Plaintiff's complaint alleges that, because there is no way for a prospective guest to search ADA accessible rooms on the Website or the Websites, individuals with disabilities, such as himself, are prevented from making reservations at the Hotel in the same manner as individuals who do not need accessible rooms, thereby violating 28 C.F.R § 36.302(e)(1)(i), Compl. at ¶¶ 37, 39, 40. Plaintiff alleges the Website also violates § 36.302(e)(1)(ii), because it does not provide accessibility information about the hotel rooms, common spaces, or parking accommodations as set forth in 28 C.F.R. Part 36, Appx. A. Compl. at ¶¶ 39, 41.

These standards apply to reservations made by any means, "including by telephone, in person, or through a third party." 28 C.F.R. §36.302(e)(1) (emphasis added).

To establish a violation of the ADA, a plaintiff must plead that: (1) he has a disability; (2) he was 'otherwise qualified' for the benefit that has been denied; (3) the defendants are subject to one of the acts; and (4) he was denied opportunity to participate in or benefit from defendants' services, programs, or activities, or was otherwise discriminated against by defendants, by reason of his or her disability." Johnson v. Levy, 812 F.Supp.2d 167, 180 (E.D.N.Y. 2011).

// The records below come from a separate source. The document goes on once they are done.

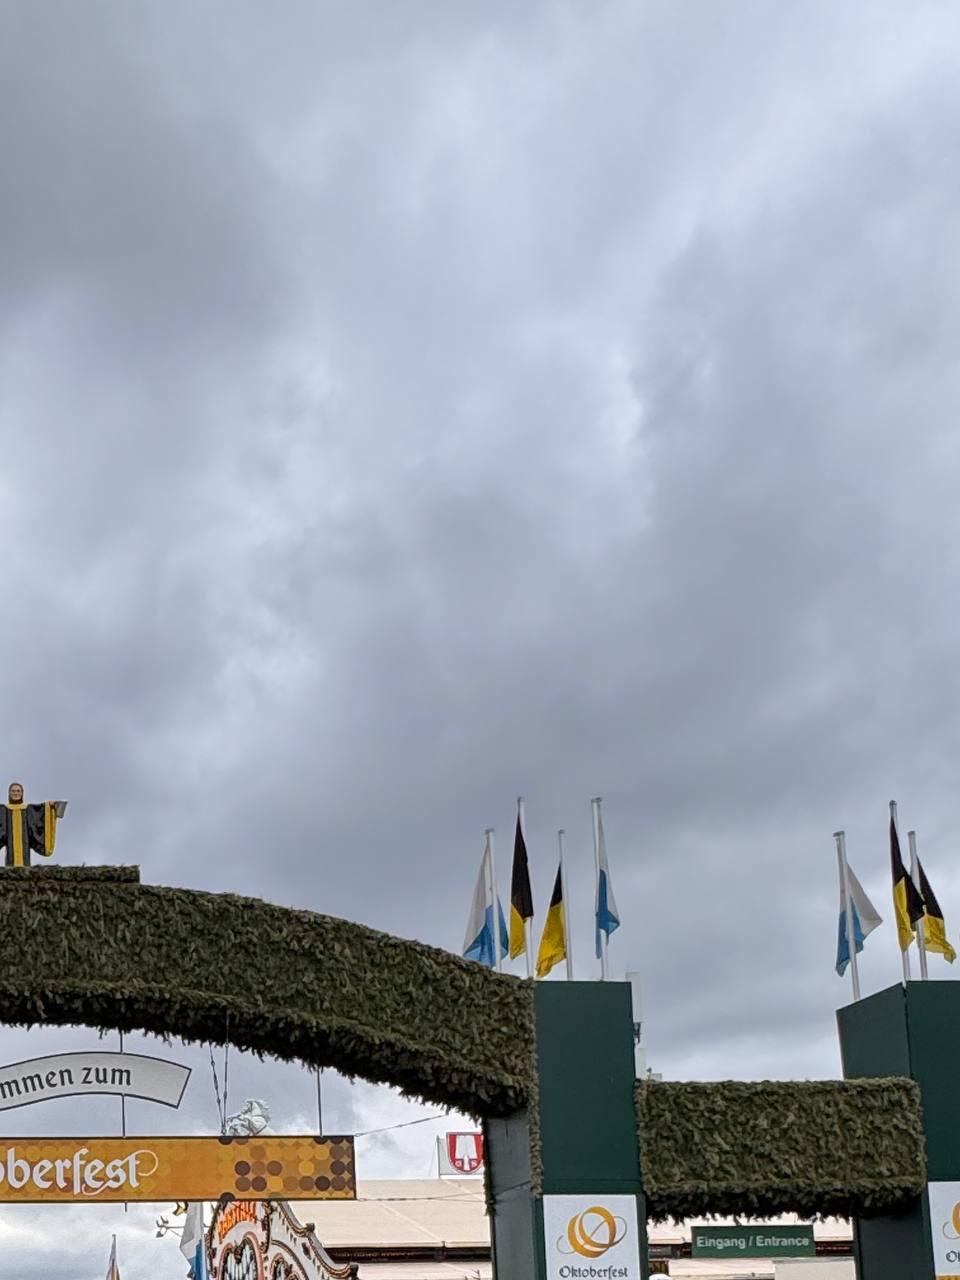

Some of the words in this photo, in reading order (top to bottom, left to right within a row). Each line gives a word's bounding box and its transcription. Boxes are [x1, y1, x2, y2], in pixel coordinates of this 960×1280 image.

[80, 1066, 132, 1087] zum
[696, 1236, 746, 1250] Eingang
[749, 1236, 754, 1247] /
[756, 1235, 810, 1247] Entrance
[559, 1265, 628, 1280] Oktoberfest

Plaintiff has alleged sufficient facts to establish that defendant has violated §§ 36.302(e)(1)(i)-(ii) under the ADA. Plaintiff's disability is a "qualified disability" under Title III of the ADA. Defendant is subject to the ADA regulations because it operates a hotel, a place of public accommodation. Plaintiff establishes that he was unable to make a reservation in the same manner as an individual without need for an accessible room, as is required by 28 C.F.R. §36.302(e)(1)(i). Additionally, plaintiff has shown that he was denied sufficient information to reasonably assess independently whether or not the Hotel's rooms would meet his needs, in violation of 28 C.F.R. §36.302(e)(1)(ii). As such, plaintiff is entitled to a default judgment on his claims under §§ 36.302(e)(1)(i)-(ii). Plaintiff has shown that the Website does not include the minimum information required by the 1991 Standards.

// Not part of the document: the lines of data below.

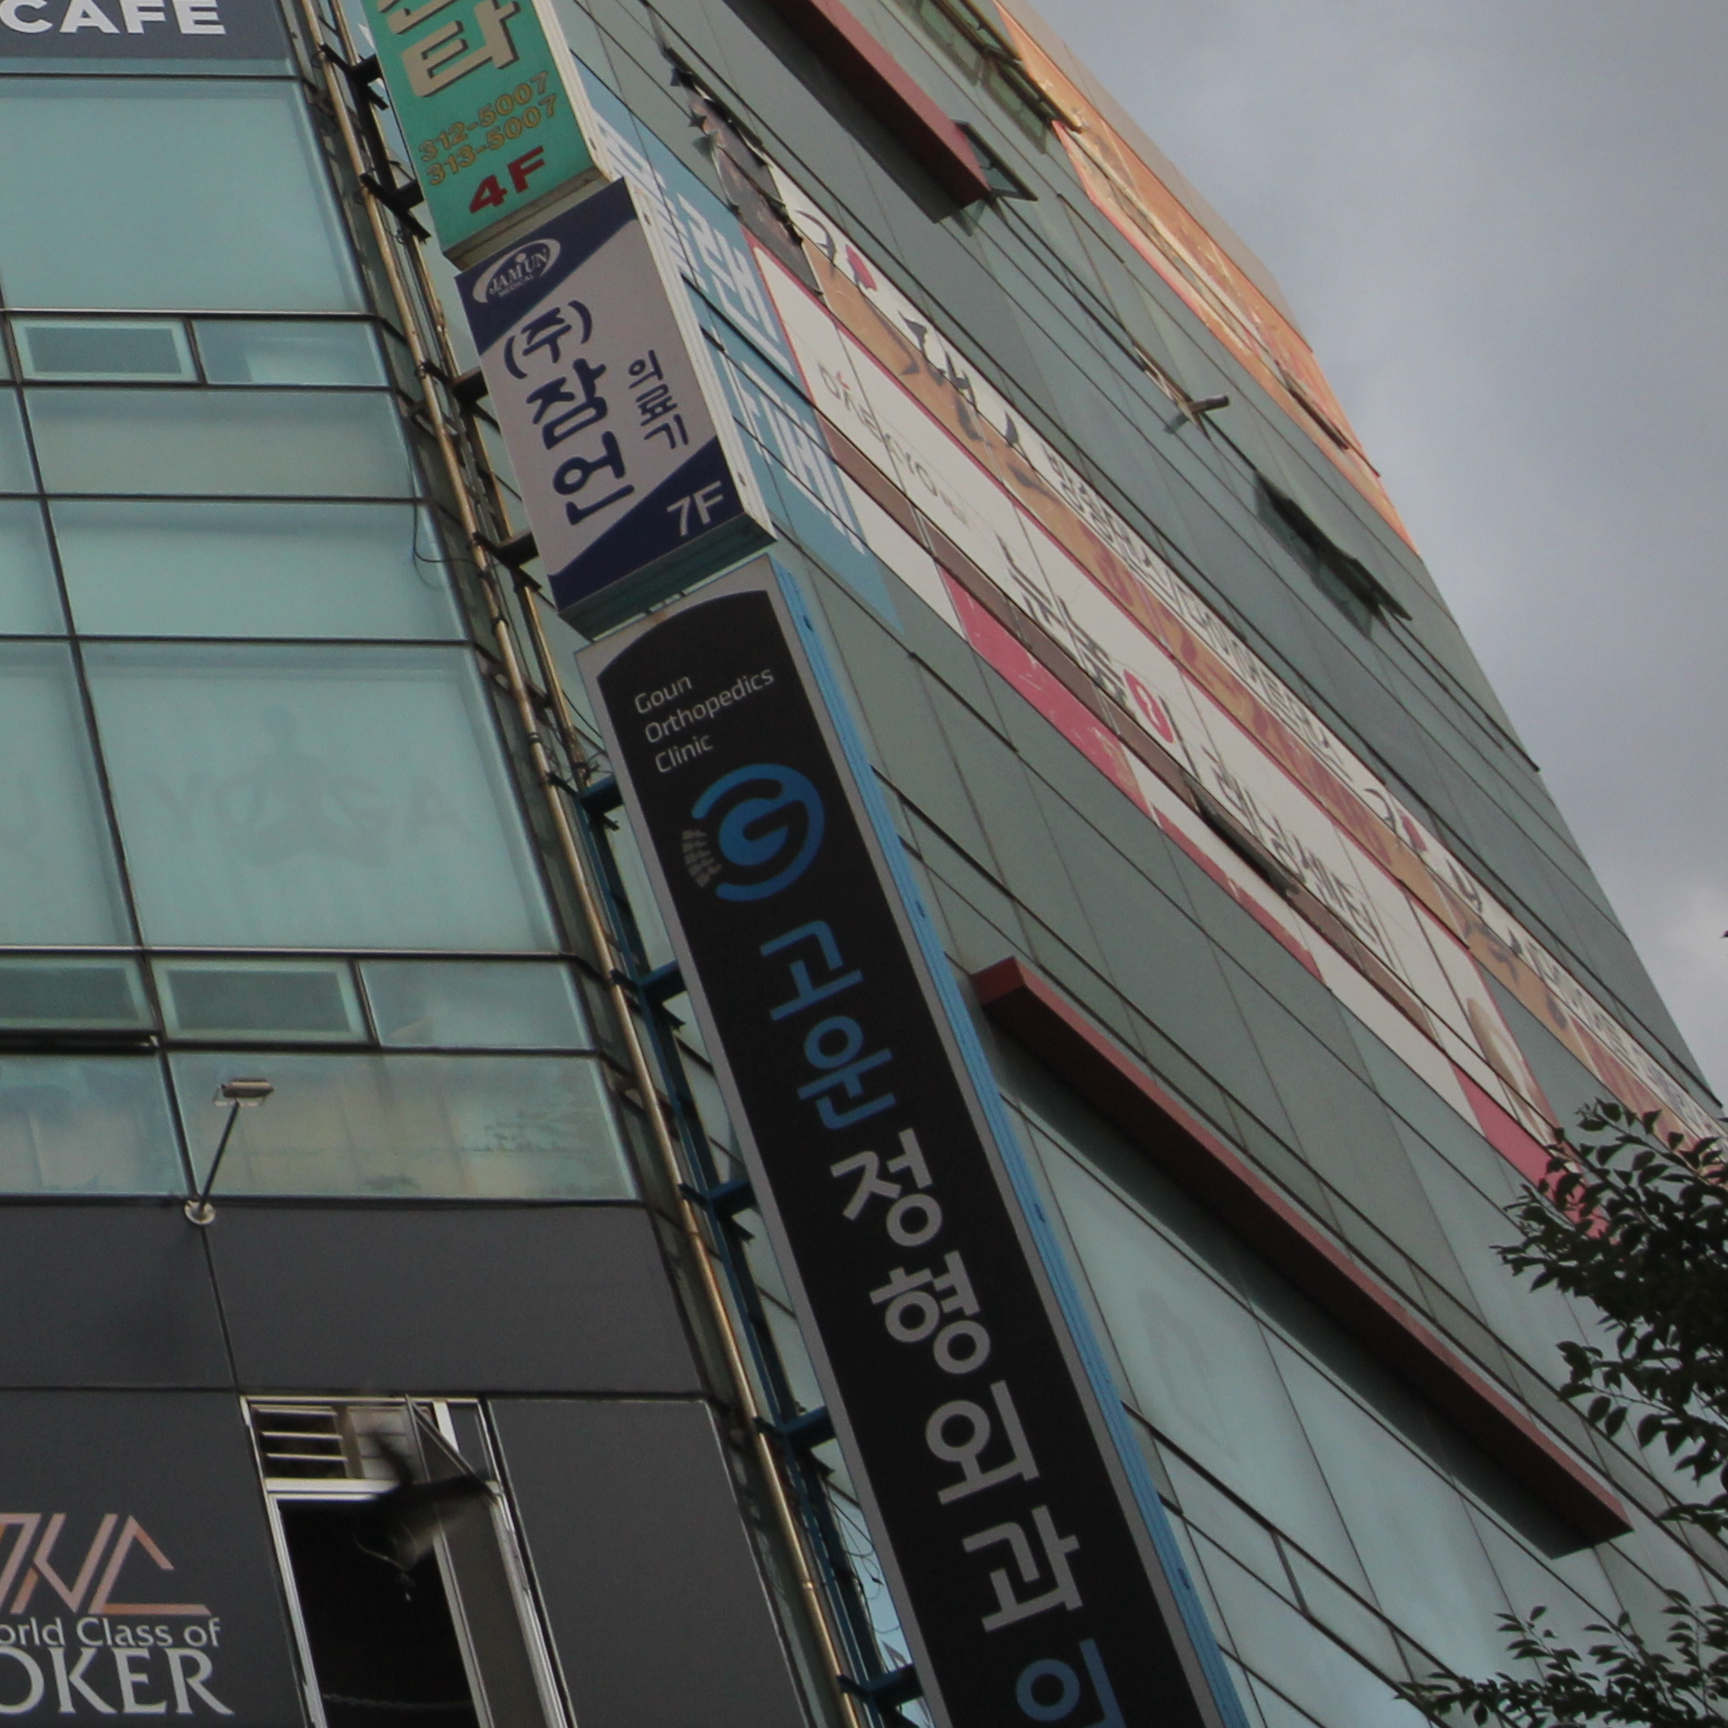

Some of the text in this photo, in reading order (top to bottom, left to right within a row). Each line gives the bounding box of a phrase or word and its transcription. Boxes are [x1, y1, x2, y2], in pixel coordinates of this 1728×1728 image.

[419, 70, 549, 162] 312-5007
[426, 93, 558, 186] 313-5007
[469, 145, 546, 214] 4F
[628, 348, 689, 450] 의료기
[667, 479, 724, 541] 7F
[635, 676, 693, 714] Goun
[645, 669, 775, 743] Orthopedics
[655, 735, 714, 773] Clinic
[76, 1617, 174, 1647] Class
[184, 1617, 222, 1647] of

The Complaint does not, however, establish defendant's liability under §§ 36.302(e)(1)(iii)-(v) since plaintiff fails to allege facts regarding the Hotel's reservation policy regarding the holding, blocking, and guarantee of reserved accessible rooms. Thus, plaintiff fails to meet factor (4) of the Johnson analysis and plaintiff's request for a default judgment for his claims under §§ 36.302(e)(1)(iii)-(v) should be denied.

2. The New York Civil Rights Law, the NYSHRL, and the NYCHRL

Plaintiff also alleges that defendant violated the New York Civil Rights Law, the NYSHRL, and the NYCHRL. Compl. at ¶¶ 67-99. "The elements that establish liability under the ADA are sufficient to state a claim under the New York Civil Rights Law." Ross v. Royal Pizza Cafe Corp., No. 17-CV-6294, 2018 WL 6313208, at *4 (E.D.N.Y. Aug. 1, 2018) (Report and Recommendation) adopted by 2018 WL 6313182 (E.D.N.Y. Dec. 3, 2018) (internal quotation marks and citation omitted). The NYSHRL is "construed coextensively with [Title III]." Puerner v. Hudson Spine and Paine Medicine P.C., No. 17-CV-03590, 2018 WL 4103491, at *3 (S.D.N.Y. 2018) (citing Viera v. City of N.Y., No. 15-CV-5430, 2017 WL 3130332, at *13 (S.D.N.Y. 2017). Accordingly, as plaintiff establishes defendant's liability under the ADA, he also does so under the New York State Civil Rights Law and NYSHRL.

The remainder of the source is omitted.